Instructions for the task
The reply should consist solely of the lines from the one with "this 1600×900 image." through the final line of the listing, copied exactly, with no pictures.

Supplied material

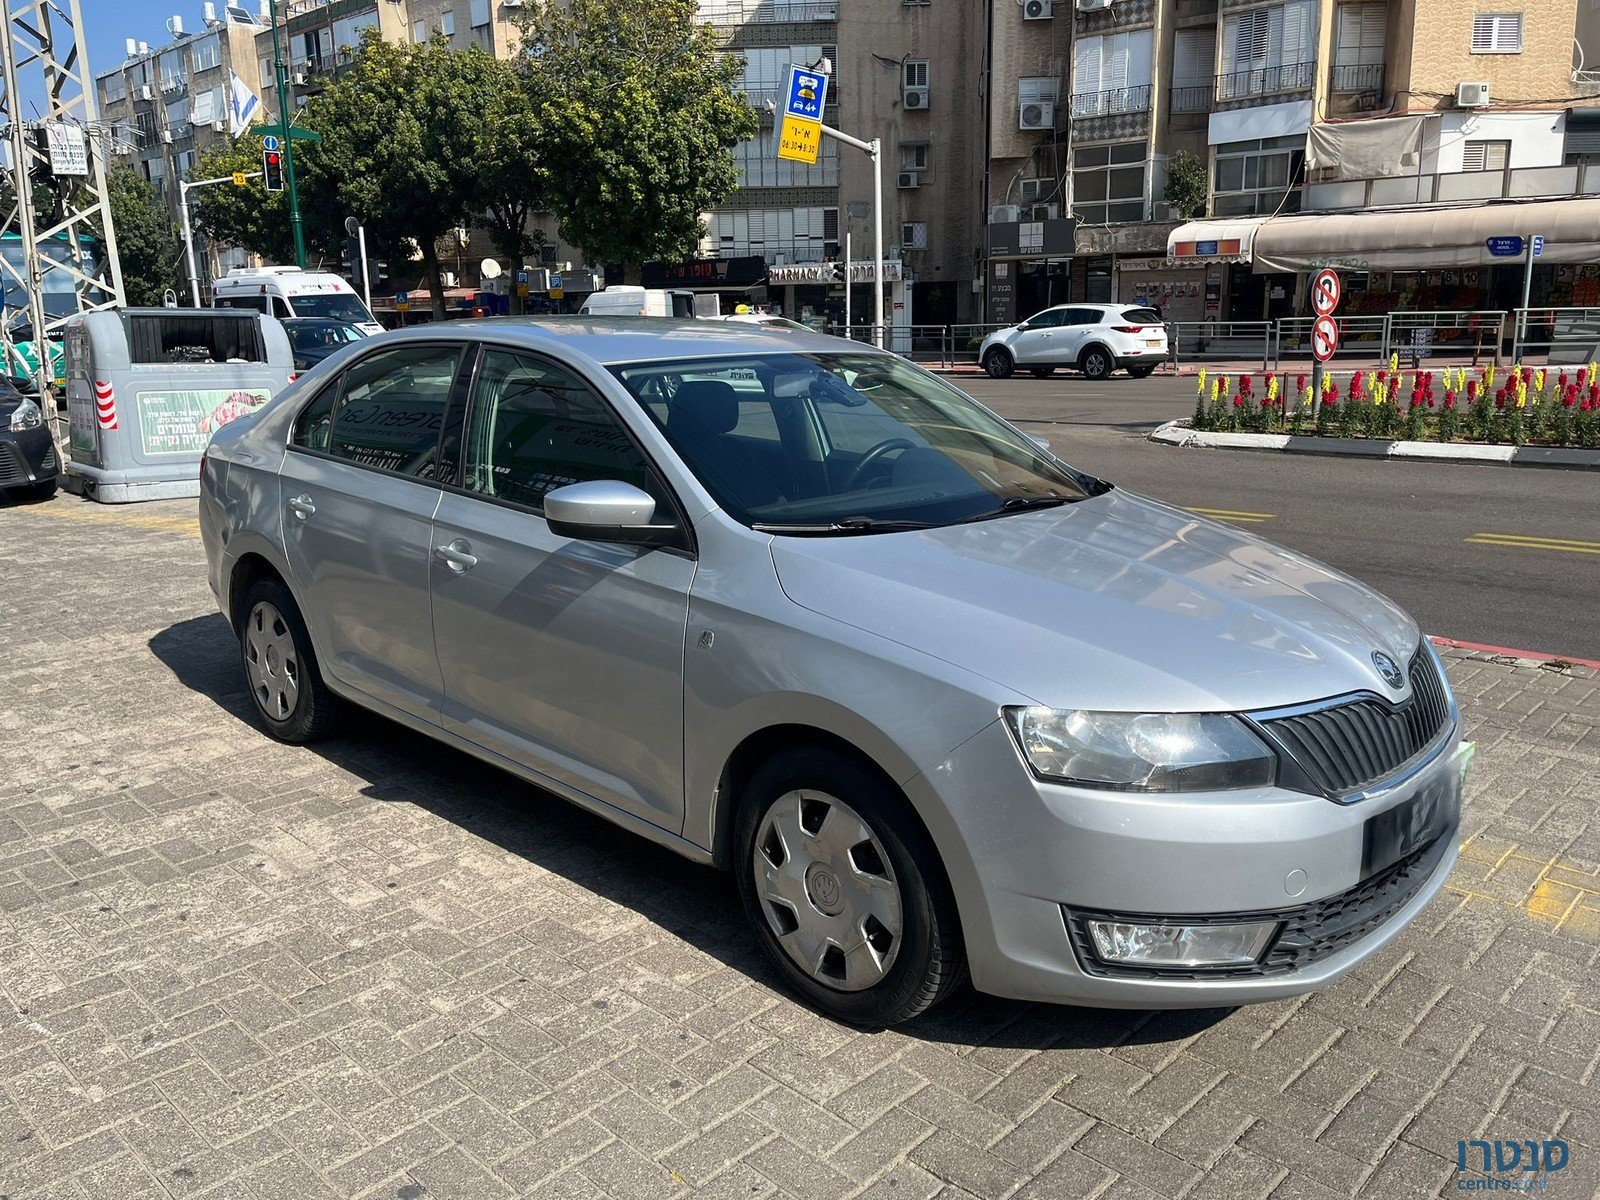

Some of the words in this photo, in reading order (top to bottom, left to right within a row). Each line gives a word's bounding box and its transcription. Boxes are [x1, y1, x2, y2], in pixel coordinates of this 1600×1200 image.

[805, 102, 816, 112] 4+
[234, 174, 244, 183] 13
[1464, 272, 1478, 283] 10
[157, 423, 197, 435] שומרים
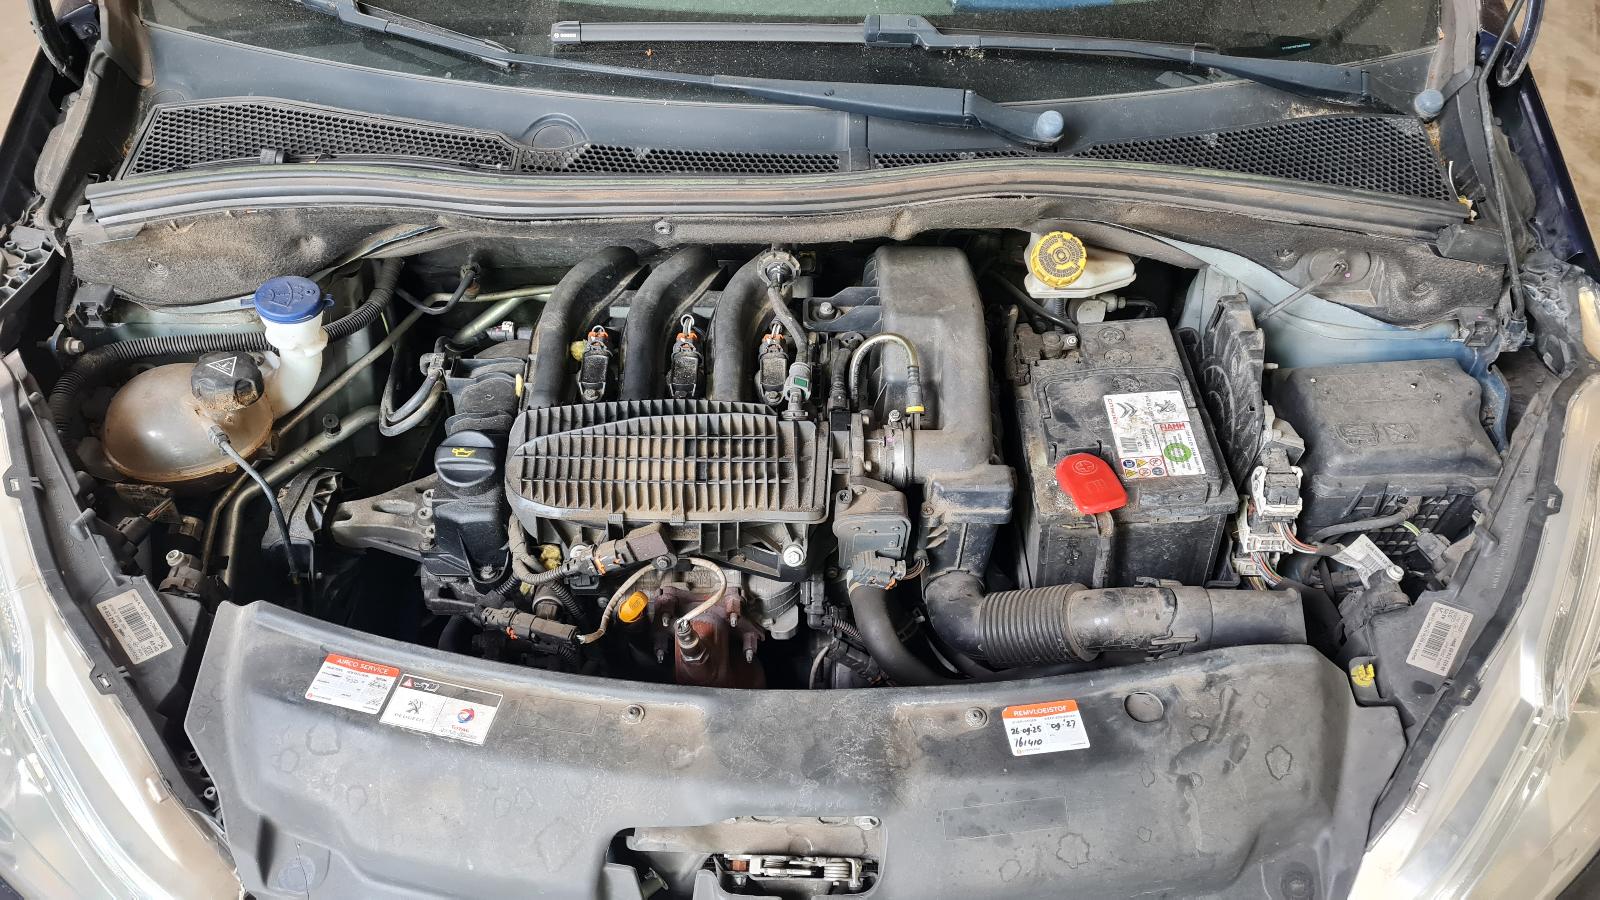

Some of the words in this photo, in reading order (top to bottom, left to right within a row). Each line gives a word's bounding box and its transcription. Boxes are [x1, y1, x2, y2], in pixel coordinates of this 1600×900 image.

[1160, 423, 1185, 431] FIAMM
[336, 658, 359, 667] AIRCO
[359, 664, 389, 674] SERVICE
[1013, 706, 1067, 716] REMVLOEISTOF
[1014, 735, 1043, 748] 161410
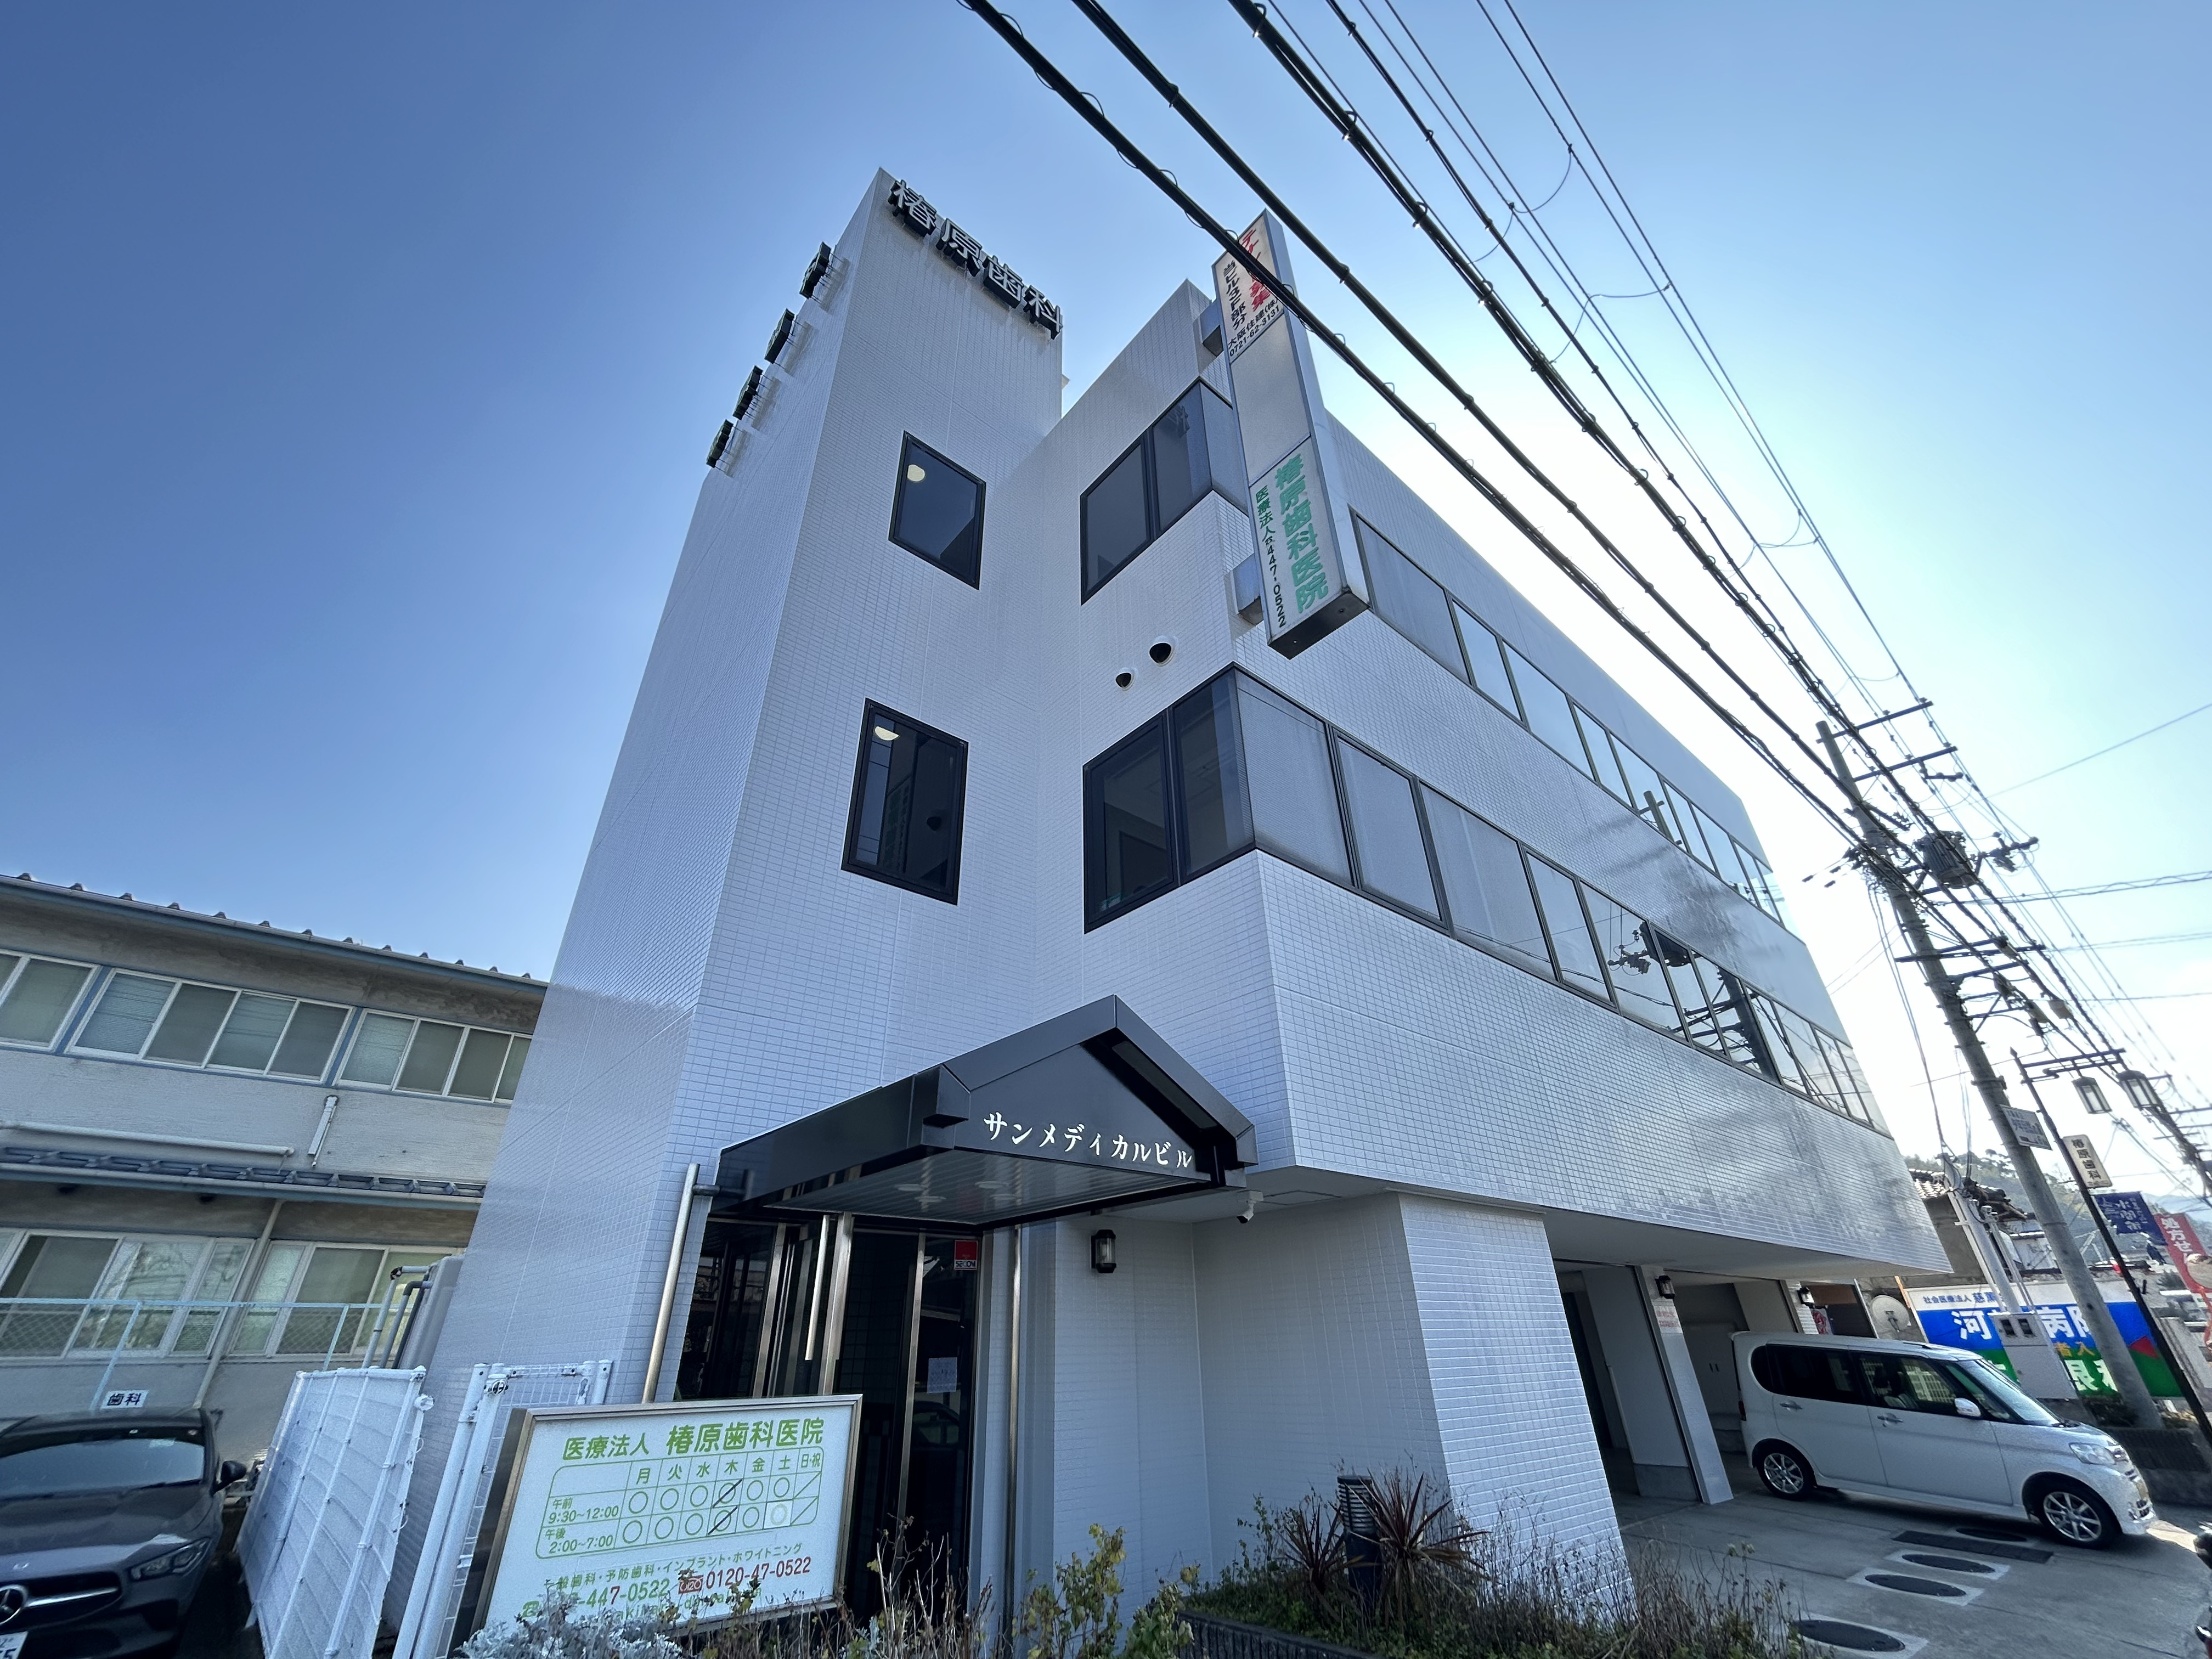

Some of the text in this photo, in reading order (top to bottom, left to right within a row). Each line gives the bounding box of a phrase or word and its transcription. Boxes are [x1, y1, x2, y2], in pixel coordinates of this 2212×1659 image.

[888, 179, 1063, 340] 椿原歯科
[1223, 259, 1246, 330] 当ビル3F部分
[1229, 304, 1280, 357] 0721-62-3131
[1256, 484, 1276, 542] 医療法人
[1275, 453, 1328, 613] 椿原歯科医院
[984, 1111, 1193, 1169] サンメディカルビル
[107, 1393, 142, 1406] 歯科
[562, 1417, 824, 1460] 医療法人 椿原歯科医院
[636, 1468, 651, 1485] 月
[667, 1463, 682, 1481] 火
[696, 1462, 711, 1477] 水
[724, 1459, 738, 1475] 木
[752, 1457, 765, 1473] 金
[778, 1455, 791, 1470] 土
[552, 1497, 573, 1510] 午前
[545, 1527, 566, 1540] 午後
[706, 1556, 811, 1589] 0120-47-0522

Reply
Some of the words in this photo, in reading order (top to bottom, left to right within a row). Each line gives a word's bounding box and its transcription. Boxes are [x1, y1, x2, y2], in pixel coordinates of this 1600×900 image.

[1160, 423, 1185, 431] FIAMM
[336, 658, 359, 667] AIRCO
[359, 664, 389, 674] SERVICE
[1013, 706, 1067, 716] REMVLOEISTOF
[1014, 735, 1043, 748] 161410

Some of the text in this photo, in reading order (top to bottom, left to right within a row). Each line gives the bounding box of a phrase or word and its transcription. Boxes are [x1, y1, x2, y2], in pixel coordinates of this 2212×1659 image.

[888, 179, 1063, 340] 椿原歯科
[1223, 259, 1246, 330] 当ビル3F部分
[1229, 304, 1280, 357] 0721-62-3131
[1256, 484, 1276, 542] 医療法人
[1275, 453, 1328, 613] 椿原歯科医院
[984, 1111, 1193, 1169] サンメディカルビル
[107, 1393, 142, 1406] 歯科
[562, 1417, 824, 1460] 医療法人 椿原歯科医院
[636, 1468, 651, 1485] 月
[667, 1463, 682, 1481] 火
[696, 1462, 711, 1477] 水
[724, 1459, 738, 1475] 木
[752, 1457, 765, 1473] 金
[778, 1455, 791, 1470] 土
[552, 1497, 573, 1510] 午前
[545, 1527, 566, 1540] 午後
[706, 1556, 811, 1589] 0120-47-0522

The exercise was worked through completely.